*EXERCISE BRIEF*: Write down exactly the lines of the listing below, beginning with the one containing "this 1632×1224 image." and closing with the final line.

*THE DATA*:

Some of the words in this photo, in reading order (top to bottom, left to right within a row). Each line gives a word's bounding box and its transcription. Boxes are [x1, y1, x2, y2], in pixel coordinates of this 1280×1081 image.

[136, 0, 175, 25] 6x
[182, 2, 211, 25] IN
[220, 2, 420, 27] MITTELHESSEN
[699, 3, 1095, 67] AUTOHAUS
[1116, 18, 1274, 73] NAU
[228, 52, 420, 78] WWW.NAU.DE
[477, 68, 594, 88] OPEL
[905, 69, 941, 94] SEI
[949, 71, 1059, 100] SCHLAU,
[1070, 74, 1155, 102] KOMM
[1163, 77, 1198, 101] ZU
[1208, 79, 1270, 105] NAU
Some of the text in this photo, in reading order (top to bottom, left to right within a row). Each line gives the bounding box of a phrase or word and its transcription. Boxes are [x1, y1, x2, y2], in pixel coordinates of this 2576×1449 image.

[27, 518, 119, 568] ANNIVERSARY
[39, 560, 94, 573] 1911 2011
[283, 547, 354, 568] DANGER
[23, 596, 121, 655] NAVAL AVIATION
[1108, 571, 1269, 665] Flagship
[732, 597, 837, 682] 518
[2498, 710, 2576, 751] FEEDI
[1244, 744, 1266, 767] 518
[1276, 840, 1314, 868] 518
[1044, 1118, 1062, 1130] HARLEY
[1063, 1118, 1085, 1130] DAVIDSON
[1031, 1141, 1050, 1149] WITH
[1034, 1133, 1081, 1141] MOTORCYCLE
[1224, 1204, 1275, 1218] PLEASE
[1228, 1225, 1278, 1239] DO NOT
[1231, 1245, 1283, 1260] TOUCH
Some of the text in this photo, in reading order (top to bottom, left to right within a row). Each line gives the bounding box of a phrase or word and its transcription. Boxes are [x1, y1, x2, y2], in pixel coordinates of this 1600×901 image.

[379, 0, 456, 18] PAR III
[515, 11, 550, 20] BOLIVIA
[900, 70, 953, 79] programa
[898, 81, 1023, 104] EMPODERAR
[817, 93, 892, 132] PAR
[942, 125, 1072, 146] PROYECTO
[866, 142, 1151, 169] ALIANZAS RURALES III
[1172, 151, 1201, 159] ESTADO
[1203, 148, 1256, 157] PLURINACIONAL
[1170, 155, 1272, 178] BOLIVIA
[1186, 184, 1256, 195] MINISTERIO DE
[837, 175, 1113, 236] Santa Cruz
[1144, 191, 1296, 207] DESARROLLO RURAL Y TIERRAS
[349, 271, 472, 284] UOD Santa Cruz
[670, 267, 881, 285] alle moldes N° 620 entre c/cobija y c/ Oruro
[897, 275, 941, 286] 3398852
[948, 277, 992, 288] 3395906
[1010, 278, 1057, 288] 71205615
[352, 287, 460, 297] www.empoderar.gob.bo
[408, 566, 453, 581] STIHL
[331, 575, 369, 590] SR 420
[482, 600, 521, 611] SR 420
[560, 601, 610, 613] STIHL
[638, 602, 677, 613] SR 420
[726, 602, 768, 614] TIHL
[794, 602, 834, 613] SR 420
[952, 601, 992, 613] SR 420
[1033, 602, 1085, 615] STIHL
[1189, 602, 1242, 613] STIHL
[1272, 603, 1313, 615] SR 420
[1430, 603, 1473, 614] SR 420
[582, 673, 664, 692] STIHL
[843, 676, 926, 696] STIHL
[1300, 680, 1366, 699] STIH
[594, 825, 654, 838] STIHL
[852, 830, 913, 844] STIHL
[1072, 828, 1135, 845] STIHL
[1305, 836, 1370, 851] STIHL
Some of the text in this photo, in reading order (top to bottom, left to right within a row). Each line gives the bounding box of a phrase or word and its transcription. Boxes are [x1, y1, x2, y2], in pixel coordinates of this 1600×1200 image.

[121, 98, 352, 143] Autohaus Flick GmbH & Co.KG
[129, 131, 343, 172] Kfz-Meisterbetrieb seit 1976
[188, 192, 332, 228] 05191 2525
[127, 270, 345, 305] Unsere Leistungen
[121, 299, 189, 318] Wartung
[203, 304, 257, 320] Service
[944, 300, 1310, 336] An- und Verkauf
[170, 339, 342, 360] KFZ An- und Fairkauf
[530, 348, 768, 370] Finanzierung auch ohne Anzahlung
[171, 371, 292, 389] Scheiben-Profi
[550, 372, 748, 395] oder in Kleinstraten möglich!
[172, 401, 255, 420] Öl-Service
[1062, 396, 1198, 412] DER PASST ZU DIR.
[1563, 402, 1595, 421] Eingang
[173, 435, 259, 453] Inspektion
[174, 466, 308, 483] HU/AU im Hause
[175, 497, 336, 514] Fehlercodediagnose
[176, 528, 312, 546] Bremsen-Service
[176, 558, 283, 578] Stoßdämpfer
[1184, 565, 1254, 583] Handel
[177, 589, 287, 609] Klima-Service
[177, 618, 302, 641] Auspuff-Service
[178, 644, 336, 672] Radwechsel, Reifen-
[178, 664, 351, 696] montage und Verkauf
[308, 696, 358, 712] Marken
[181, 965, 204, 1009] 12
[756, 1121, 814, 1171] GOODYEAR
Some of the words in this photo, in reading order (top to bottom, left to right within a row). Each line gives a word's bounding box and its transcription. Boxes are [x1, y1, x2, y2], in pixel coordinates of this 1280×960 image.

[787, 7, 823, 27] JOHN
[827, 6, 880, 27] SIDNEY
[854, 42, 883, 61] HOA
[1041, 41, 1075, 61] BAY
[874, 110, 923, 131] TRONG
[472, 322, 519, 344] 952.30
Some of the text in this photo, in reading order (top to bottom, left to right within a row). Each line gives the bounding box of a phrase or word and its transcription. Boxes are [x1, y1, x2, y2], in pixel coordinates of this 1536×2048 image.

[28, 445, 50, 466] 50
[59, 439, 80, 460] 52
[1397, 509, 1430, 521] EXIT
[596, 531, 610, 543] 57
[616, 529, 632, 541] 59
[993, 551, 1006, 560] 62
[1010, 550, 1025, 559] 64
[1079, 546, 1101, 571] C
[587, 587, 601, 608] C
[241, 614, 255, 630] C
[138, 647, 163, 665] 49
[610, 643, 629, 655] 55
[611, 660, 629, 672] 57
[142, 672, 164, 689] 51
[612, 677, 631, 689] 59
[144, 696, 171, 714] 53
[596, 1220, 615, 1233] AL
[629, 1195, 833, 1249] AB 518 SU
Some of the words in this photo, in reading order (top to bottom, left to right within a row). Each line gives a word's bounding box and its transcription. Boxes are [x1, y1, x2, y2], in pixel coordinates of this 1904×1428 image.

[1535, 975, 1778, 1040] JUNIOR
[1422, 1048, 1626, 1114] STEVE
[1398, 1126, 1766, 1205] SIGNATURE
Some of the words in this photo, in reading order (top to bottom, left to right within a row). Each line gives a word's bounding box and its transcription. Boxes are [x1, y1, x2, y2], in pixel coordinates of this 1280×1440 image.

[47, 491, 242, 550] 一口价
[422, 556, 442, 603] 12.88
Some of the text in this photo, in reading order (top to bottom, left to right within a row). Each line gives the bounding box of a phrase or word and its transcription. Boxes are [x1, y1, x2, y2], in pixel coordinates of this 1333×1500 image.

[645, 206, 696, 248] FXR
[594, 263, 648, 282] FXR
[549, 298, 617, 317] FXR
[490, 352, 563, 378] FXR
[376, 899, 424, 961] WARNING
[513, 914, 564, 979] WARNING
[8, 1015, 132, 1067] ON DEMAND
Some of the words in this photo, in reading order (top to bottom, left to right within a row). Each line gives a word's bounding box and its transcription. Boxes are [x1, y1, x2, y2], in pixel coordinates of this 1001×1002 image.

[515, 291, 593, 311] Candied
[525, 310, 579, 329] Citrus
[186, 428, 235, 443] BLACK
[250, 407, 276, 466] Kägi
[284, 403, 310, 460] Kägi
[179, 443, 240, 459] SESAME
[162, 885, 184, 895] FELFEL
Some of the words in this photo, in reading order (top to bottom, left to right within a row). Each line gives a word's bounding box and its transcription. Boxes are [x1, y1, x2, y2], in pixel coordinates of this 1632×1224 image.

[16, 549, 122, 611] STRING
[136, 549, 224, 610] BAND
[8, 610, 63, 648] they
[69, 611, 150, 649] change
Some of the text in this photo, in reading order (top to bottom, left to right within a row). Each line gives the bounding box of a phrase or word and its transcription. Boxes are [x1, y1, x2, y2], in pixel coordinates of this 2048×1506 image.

*TASK RESPONSE*:
Some of the words in this photo, in reading order (top to bottom, left to right within a row). Each line gives a word's bounding box and its transcription. Boxes are [x1, y1, x2, y2], in pixel coordinates of this 1632×1224 image.

[16, 549, 122, 611] STRING
[136, 549, 224, 610] BAND
[8, 610, 63, 648] they
[69, 611, 150, 649] change
Some of the text in this photo, in reading order (top to bottom, left to right within a row). Each line gives the bounding box of a phrase or word and its transcription. Boxes are [x1, y1, x2, y2], in pixel coordinates of this 2048×1506 image.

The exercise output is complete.